Joint-Employer Rule Struck Down. On September 8, 2020, the U.S. District Court for the Southern District of New York struck down the most significant element of the U.S. Department of Labor’s joint-employer regulation under the Fair Labor Standards Act (FLSA). In deciding a legal challenge filed by a group of state attorneys general, the court ruled that the joint-employer regulation impermissibly conflicted with the statutory text of the FLSA (particularly the definitions of “employer,” “employee,” and “employ”), that the rule’s “control-based test for joint employer liability [was] unduly narrow,” and that “the Department did not adequately explain why it departed from its prior interpretations.” Because the regulation has been in effect since March 16, 2020, the ruling stirs up a sea of uncertainty for employers.
H-1B Changes Expected. On September 3, 2020, U.S. Citizenship and Immigration Services sent to the Office of Information and Regulatory Affairs its draft proposal to make significant changes to its regulations implementing the H-1B visa program. The proposed rule is expected to limit the definition of “specialty occupation” and place restrictions on the use of third-party customer sites. The current administration is determined to have the regulation finalized and in effect before a potential Biden administration, so the changes are expected to be implemented as an interim final rule, without the benefit of public comment. The rule is expected to issue in September or in early October 2020.

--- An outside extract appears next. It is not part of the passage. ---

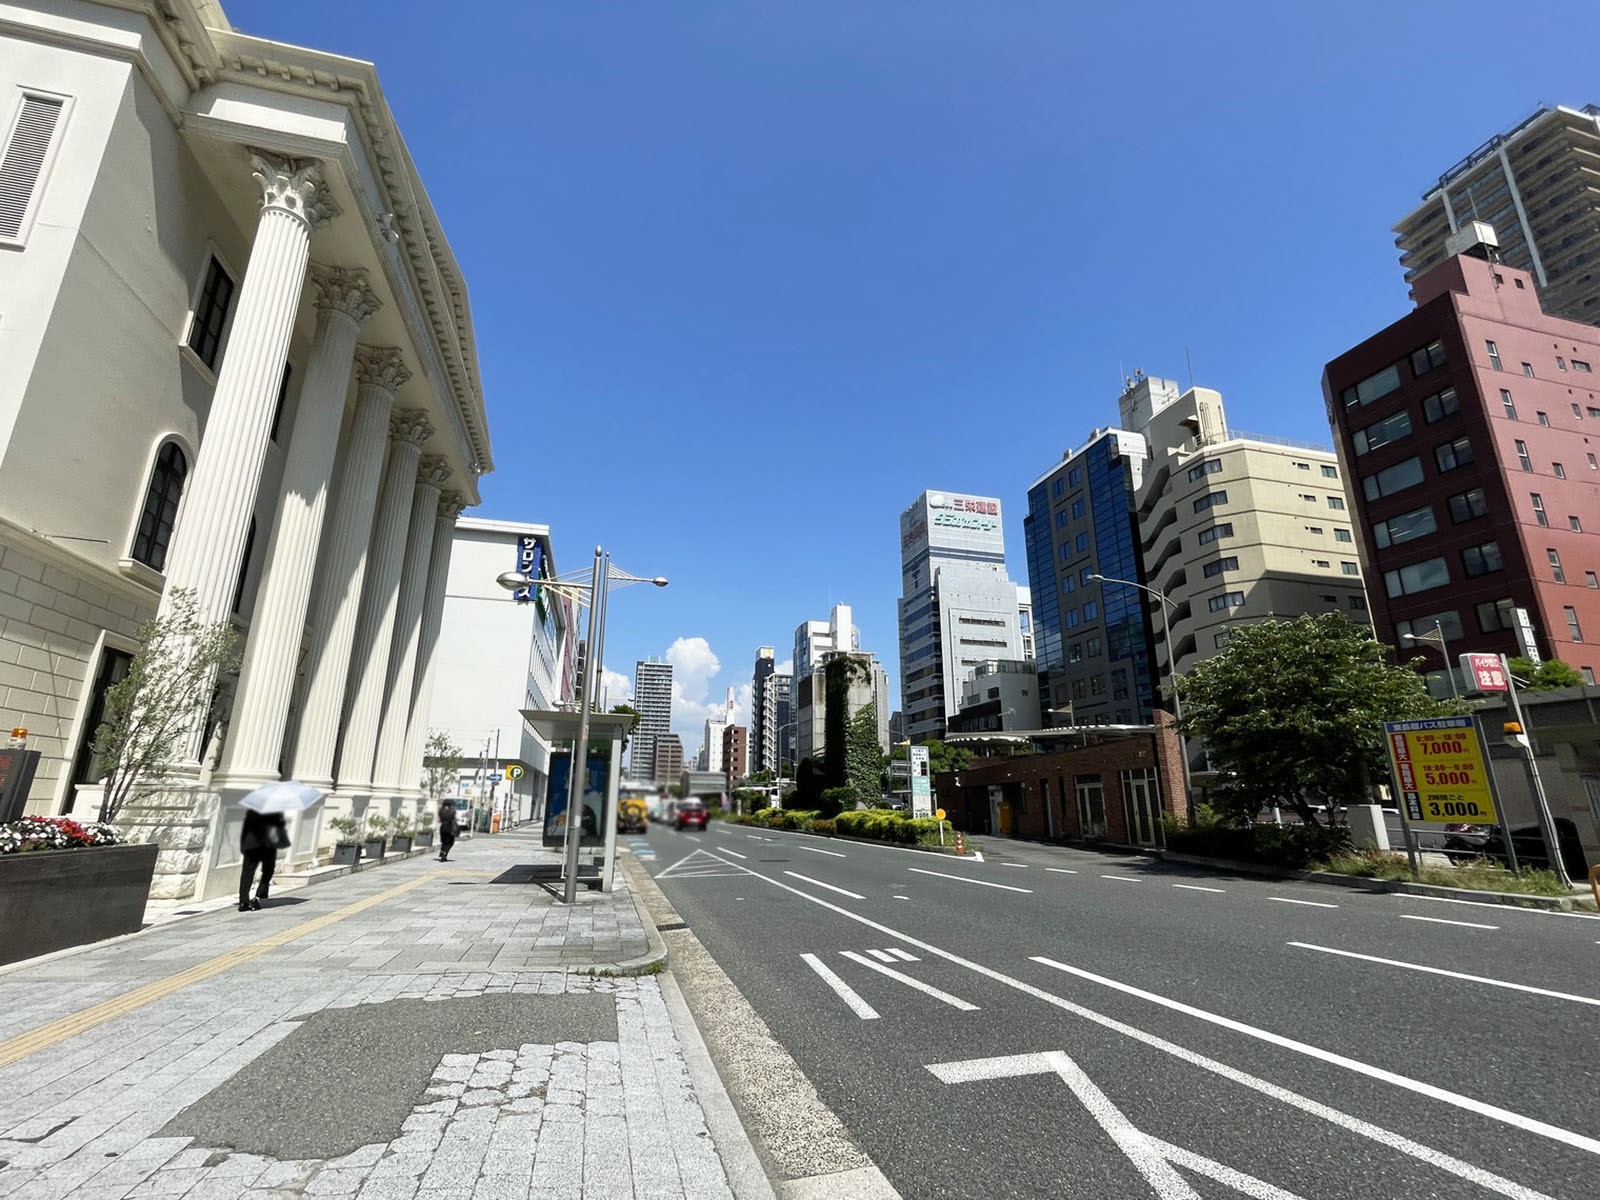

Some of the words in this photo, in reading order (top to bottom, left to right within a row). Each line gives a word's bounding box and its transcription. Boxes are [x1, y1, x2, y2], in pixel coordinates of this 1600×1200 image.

[518, 537, 537, 598] サロンス
[513, 768, 522, 778] P

EEOC Clarifies Its “Pattern or Practice” Enforcement. On September 3, 2020, the U.S. Equal Employment Opportunity Commission (EEOC) issued an opinion letter clarifying its interpretation and enforcement of “pattern or practice” litigation under § 707(a) of Title VII of the Civil Rights Act of 1964. Over the years, the distinctions between § 707 pattern-or-practice cases and § 706 discrimination cases that the EEOC pursues on behalf of individual employees have blurred. The letter confirms that when pursuing § 707 pattern-or-practice cases, the EEOC must follow the same administrative prerequisites as when pursuing § 706 cases on behalf of individual employees, such as the requirement of an underlying charge of discrimination and engaging in conciliation.
NLRB General Counsel Issues Memo Affecting Neutrality Agreements. On September 4, 2020, National Labor Relations Board (NLRB) General Counsel Peter B. Robb issued Memorandum GC 20-13, the “Guidance Memorandum on Employer Assistance in Union Organizing.” The memorandum harmonizes two different legal standards that have been applied when an employer impermissibly assists a union in its organizing effort and when an employer impermissibly assists employees seeking to decertify a union. Pursuant to the memo, the Board is instructed to apply the same “more than ministerial aid” standard in both situations. The memo is particularly focused on neutrality agreements and instructs that their provisions “should be examined under the lens of whether they provide ‘more than ministerial support’ to the union’s efforts to organize.”
FEMA Unemployment Insurance Update. As of September 9, 2020, 48 states, as well as Guam and the District of Columbia, had been approved for Federal Emergency Management Agency (FEMA) grants under the lost wages assistance program. Nevada and South Dakota have not signed on. Some states that were early adopters are already close to the end of their sixth week of benefits.